ABORT: Try restarting. If that doesn't work, ask for help.
Hi skoren,
This is from the stderr document. I tried to restart canu and have another job submitted. The stderr showed
-- ERROR Limited to at most 1000 GB memory via maxMemory option
-- ERROR Limited to at most 1 threads via maxThreads option
-- ERROR Found 1 machine configuration:
-- ERROR class0 - 1 machines with 1 cores with 1000 GB memory each.
-- ERROR Task hap can't run on any available machines.
-- ERROR It is requesting:
-- ERROR hapMemory=6-12 memory (gigabytes)
-- ERROR hapThreads=8-24 threads
-- ERROR No available machine configuration can run this task.
-- ERROR Possible solutions:
-- ERROR Increase maxMemory
-- ERROR Change hapMemory and/or hapThreads
Does it mean I should change some parameters of the script or need to require more resouce?
Thank you and best wishes
A subset of your jobs failed, what is the output in the failing files (correction/1-overlapper/*122*out
for example).
As for the second error, you restricted canu to one thread, I don't think that's what you want. The error is saying that for your size genome it wants at least 8 threads to run and I assume your 1tb node has more than 1 core that you're reserving.
Found perl:
Found java:
openjdk version "1.8.0_171"
Found canu:
Use of implicit split to @_ is deprecated at /storage/home/d/duz193/canu-1.8/Linux-amd64/bin/../lib/site_perl/canu/ line 73.
Canu 1.8
Running job 122 based on command line options.
Fetch blocks/000040.dat
Fetch blocks/000041.dat
Fetch blocks/000042.dat
Fetch blocks/000043.dat
Fetch blocks/000044.dat
Fetch blocks/000045.dat
Fetch blocks/000046.dat
Fetch blocks/000047.dat
Fetch blocks/000048.dat
Fetch blocks/000049.dat
Fetch blocks/000050.dat
Fetch blocks/000051.dat
Fetch blocks/000052.dat
Fetch blocks/000053.dat
Running block 000039 in query 000122
./ line 1001: 106046 Segmentation fault (core dumped) $bin/mhapConvert -S ../../antPacbio.seqStore -o ./results/$qry.mhap.ovb.WORKING ./results/$qry.mhap
Found perl:
Found java:
openjdk version "1.8.0_171"
Found canu:
Use of implicit split to @_ is deprecated at /storage/home/d/duz193/canu-1.8/Linux-amd64/bin/../lib/site_perl/canu/ line 73.
Canu 1.8
Running job 114 based on command line options.
Fetch blocks/000036.dat
Fetch blocks/000037.dat
Fetch blocks/000038.dat
Fetch blocks/000039.dat
Fetch blocks/000040.dat
Fetch blocks/000041.dat
Fetch blocks/000042.dat
Fetch blocks/000043.dat
Fetch blocks/000044.dat
Fetch blocks/000045.dat
Fetch blocks/000046.dat
Fetch blocks/000047.dat
Fetch blocks/000048.dat
Fetch blocks/000049.dat
Running block 000035 in query 000114
writeToFile()-- After writing 14964 out of 818379 'ovFile::writeBuffer::sb' objects (1 bytes each): Disk quota exceeded
Found perl:
Found java:
openjdk version "1.8.0_171"
Found canu:
Use of implicit split to @_ is deprecated at /storage/home/d/duz193/canu-1.8/Linux-amd64/bin/../lib/site_perl/canu/ line 73.
Canu 1.8
Running job 118 based on command line options.
Fetch blocks/000038.dat
Fetch blocks/000039.dat
Fetch blocks/000040.dat
Fetch blocks/000041.dat
Fetch blocks/000042.dat
Fetch blocks/000043.dat
Fetch blocks/000044.dat
Fetch blocks/000045.dat
Fetch blocks/000046.dat
Fetch blocks/000047.dat
Fetch blocks/000048.dat
Fetch blocks/000049.dat
Fetch blocks/000050.dat
Fetch blocks/000051.dat
Running block 000037 in query 000118
mhapConvert: mhap/mhapConvert.C:119: int main(int, char**): Assertion `W.toint32(6) <= W.toint32(7)' failed.

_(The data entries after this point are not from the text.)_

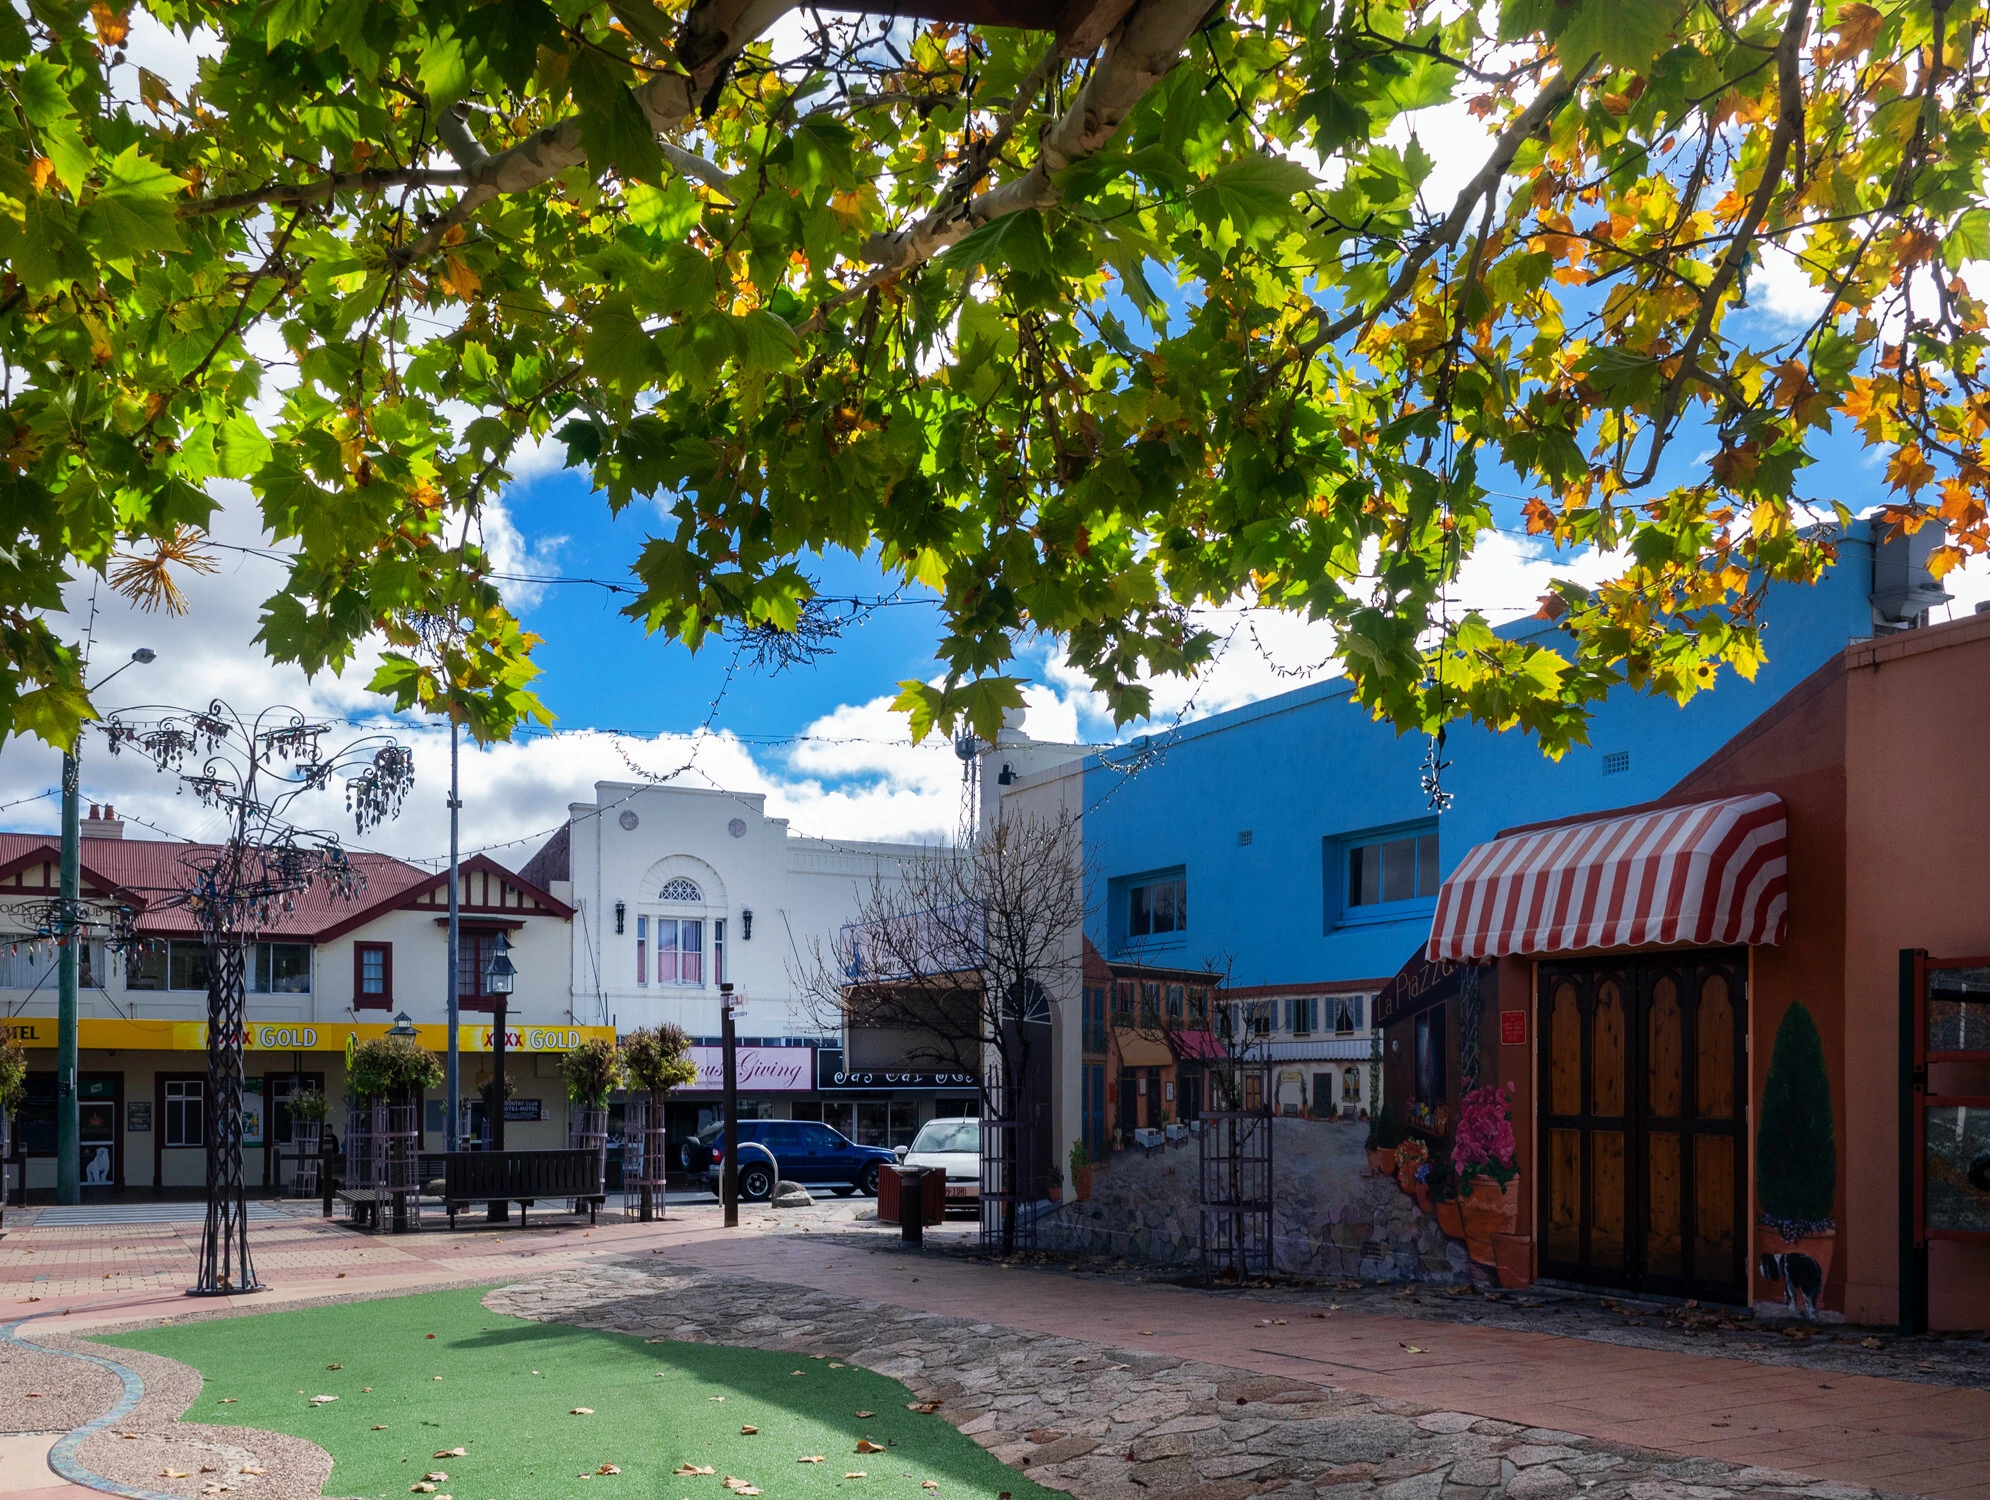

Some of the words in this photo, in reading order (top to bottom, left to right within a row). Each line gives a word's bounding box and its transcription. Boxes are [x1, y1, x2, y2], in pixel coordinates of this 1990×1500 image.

[1377, 997, 1393, 1022] La
[260, 1026, 318, 1048] GOLD
[483, 1032, 523, 1046] XXX
[530, 1029, 580, 1049] GOLD
[736, 1049, 804, 1088] Giving

./ line 1001: 105971 Aborted (core dumped) $bin/mhapConvert -S ../../antPacbio.seqStore -o ./results/$qry.mhap.ovb.WORKING ./results/$qry.mhap
I still got over 20 GB in the disk, btw.
It looks like you're out of space and as a result have partial/corrupted output. Even if you say you have 20gb of disk available, the quota error indicates you probably reached that limit or another limit during the run. At least one job complains about writing output exceeding quota. The other errors are likely due to a truncated output file which was caused by the out-of-space issues.
Remove any files named correction/1-overlapper/results/*WORKING*
and correction/1-overlapper/results/*mhap*
, get your quota increased, and try again.
Hi skoren,
I fixed the previous problem now. But new issues comes.
ERROR: ERROR: Failed with exit code 1. (rc=256) ERROR:
Any ideas about what happened? Because of not enough overlapping?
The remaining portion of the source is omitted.